**WORK REQUIRED**
Set down the full listing exactly as given. Any pictures are to be left out.
INPUT MATERIAL below:
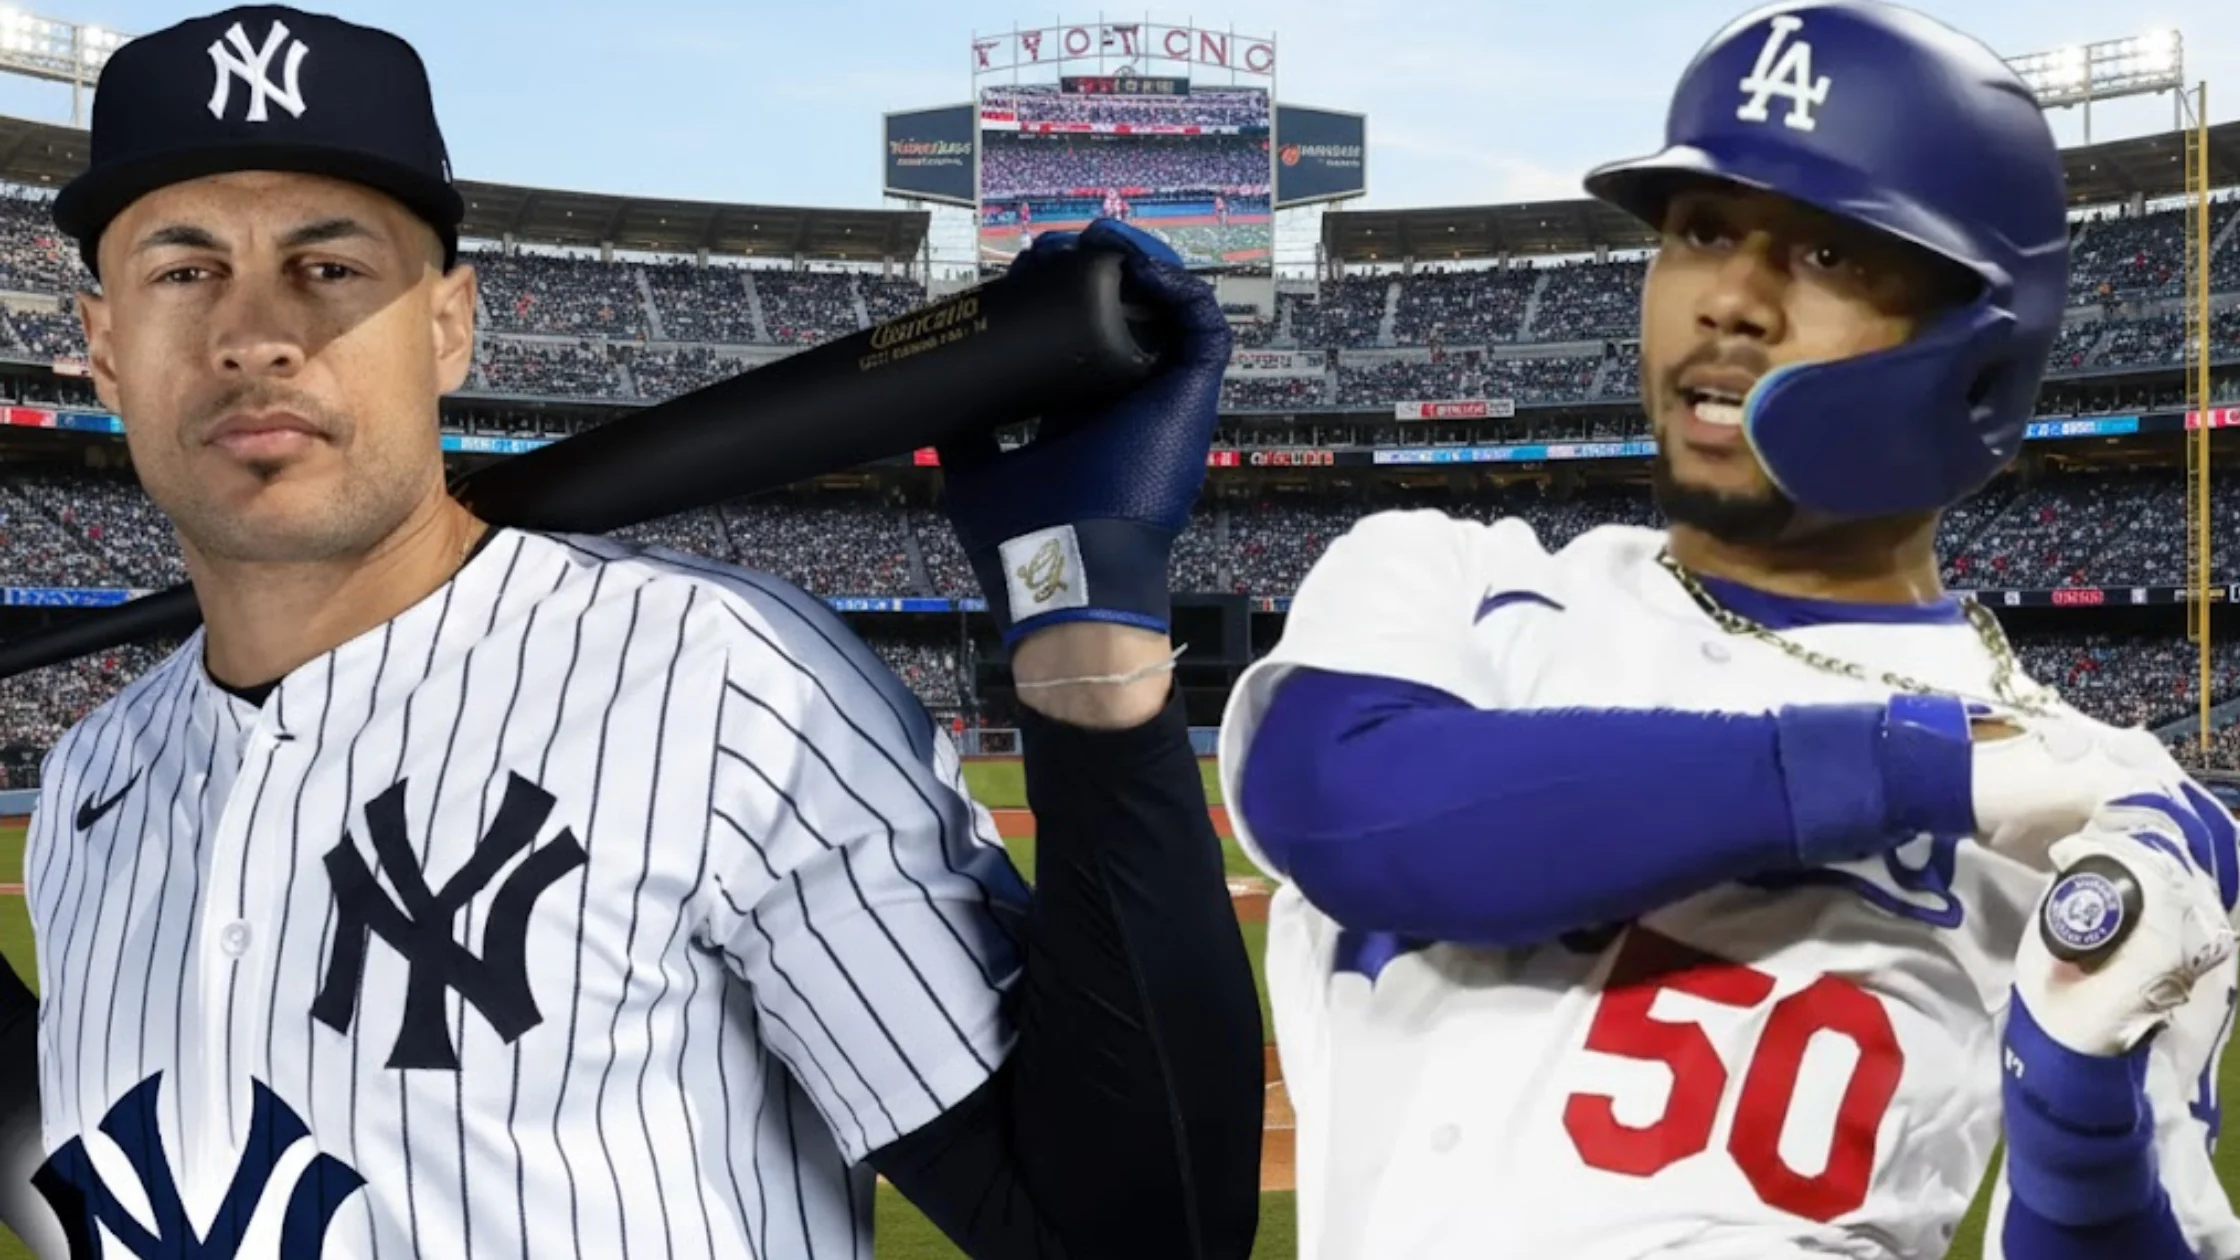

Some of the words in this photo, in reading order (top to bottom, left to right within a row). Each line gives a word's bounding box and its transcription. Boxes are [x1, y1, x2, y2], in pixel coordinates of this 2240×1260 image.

[206, 19, 309, 122] NY
[1737, 15, 1831, 132] LA
[309, 769, 590, 1070] NY
[1562, 922, 1905, 1224] 50
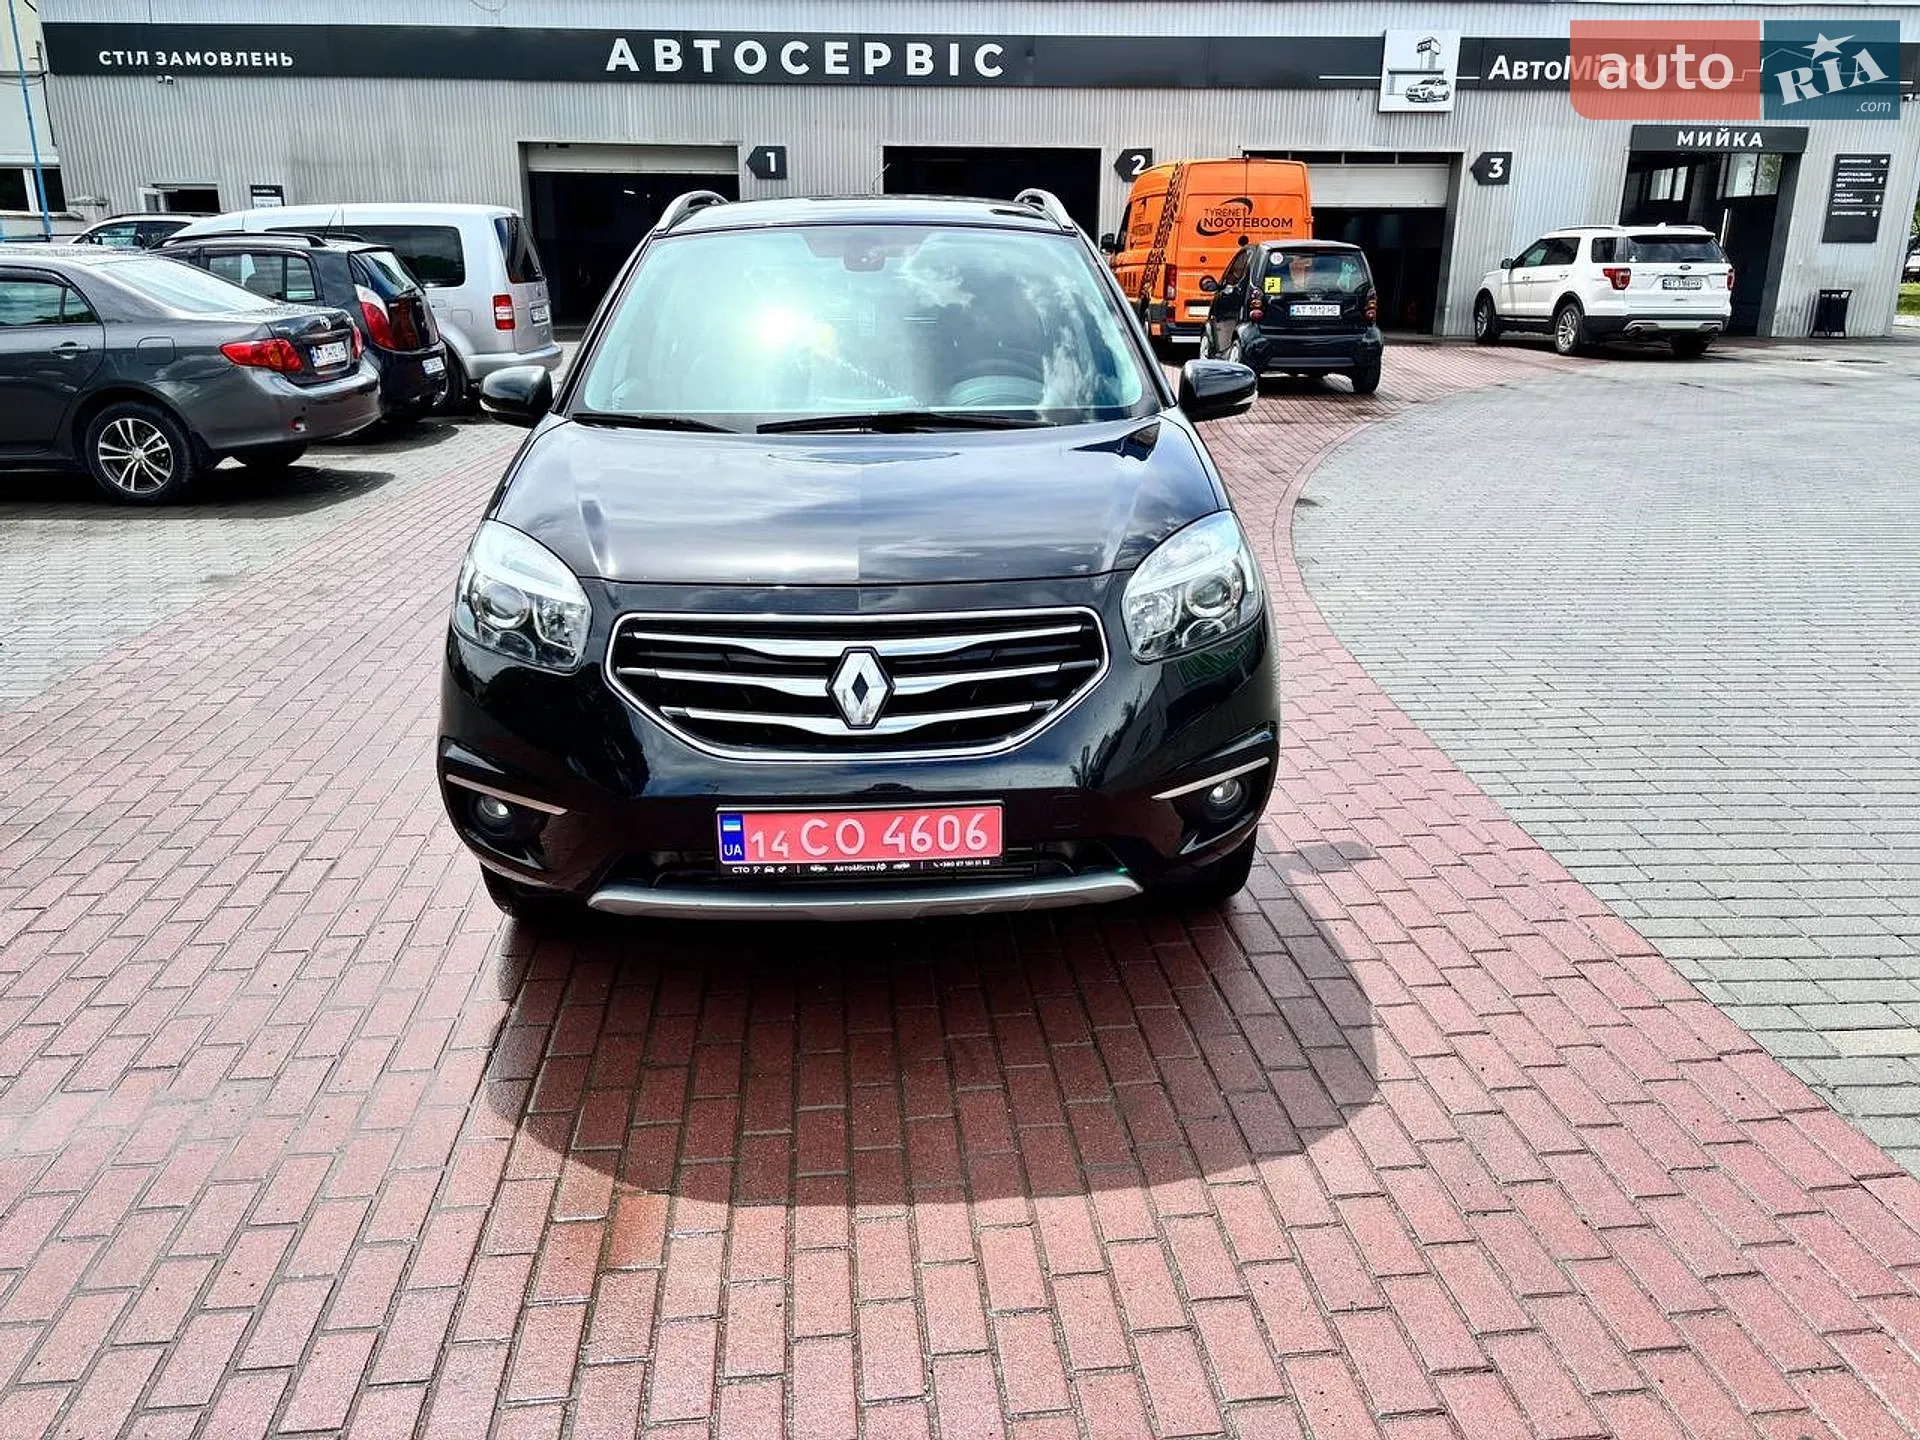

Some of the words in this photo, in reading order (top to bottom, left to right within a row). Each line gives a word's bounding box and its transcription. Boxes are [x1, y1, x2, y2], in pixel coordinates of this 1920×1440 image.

[99, 51, 149, 65] СТІЛ
[156, 51, 294, 66] ЗАМОВЛЕНЬ
[606, 38, 1004, 77] АВТОСЕРВІС
[1677, 127, 1763, 147] МИЙКА
[766, 151, 776, 172] 1
[1131, 154, 1146, 175] 2
[1488, 157, 1504, 178] 3
[1203, 217, 1293, 228] NOOTEBOOM
[751, 830, 790, 858] 14
[800, 817, 866, 857] CO
[882, 812, 989, 854] 4606
[724, 844, 743, 857] UA
End of INPUT MATERIAL.
**WRITTEN REPLY**
Some of the words in this photo, in reading order (top to bottom, left to right within a row). Each line gives a word's bounding box and its transcription. Boxes are [x1, y1, x2, y2], in pixel coordinates of this 2240×1260 image.

[206, 19, 309, 122] NY
[1737, 15, 1831, 132] LA
[309, 769, 590, 1070] NY
[1562, 922, 1905, 1224] 50

Some of the words in this photo, in reading order (top to bottom, left to right within a row). Each line gives a word's bounding box and its transcription. Boxes are [x1, y1, x2, y2], in pixel coordinates of this 1920×1440 image.

[99, 51, 149, 65] СТІЛ
[156, 51, 294, 66] ЗАМОВЛЕНЬ
[606, 38, 1004, 77] АВТОСЕРВІС
[1677, 127, 1763, 147] МИЙКА
[766, 151, 776, 172] 1
[1131, 154, 1146, 175] 2
[1488, 157, 1504, 178] 3
[1203, 217, 1293, 228] NOOTEBOOM
[751, 830, 790, 858] 14
[800, 817, 866, 857] CO
[882, 812, 989, 854] 4606
[724, 844, 743, 857] UA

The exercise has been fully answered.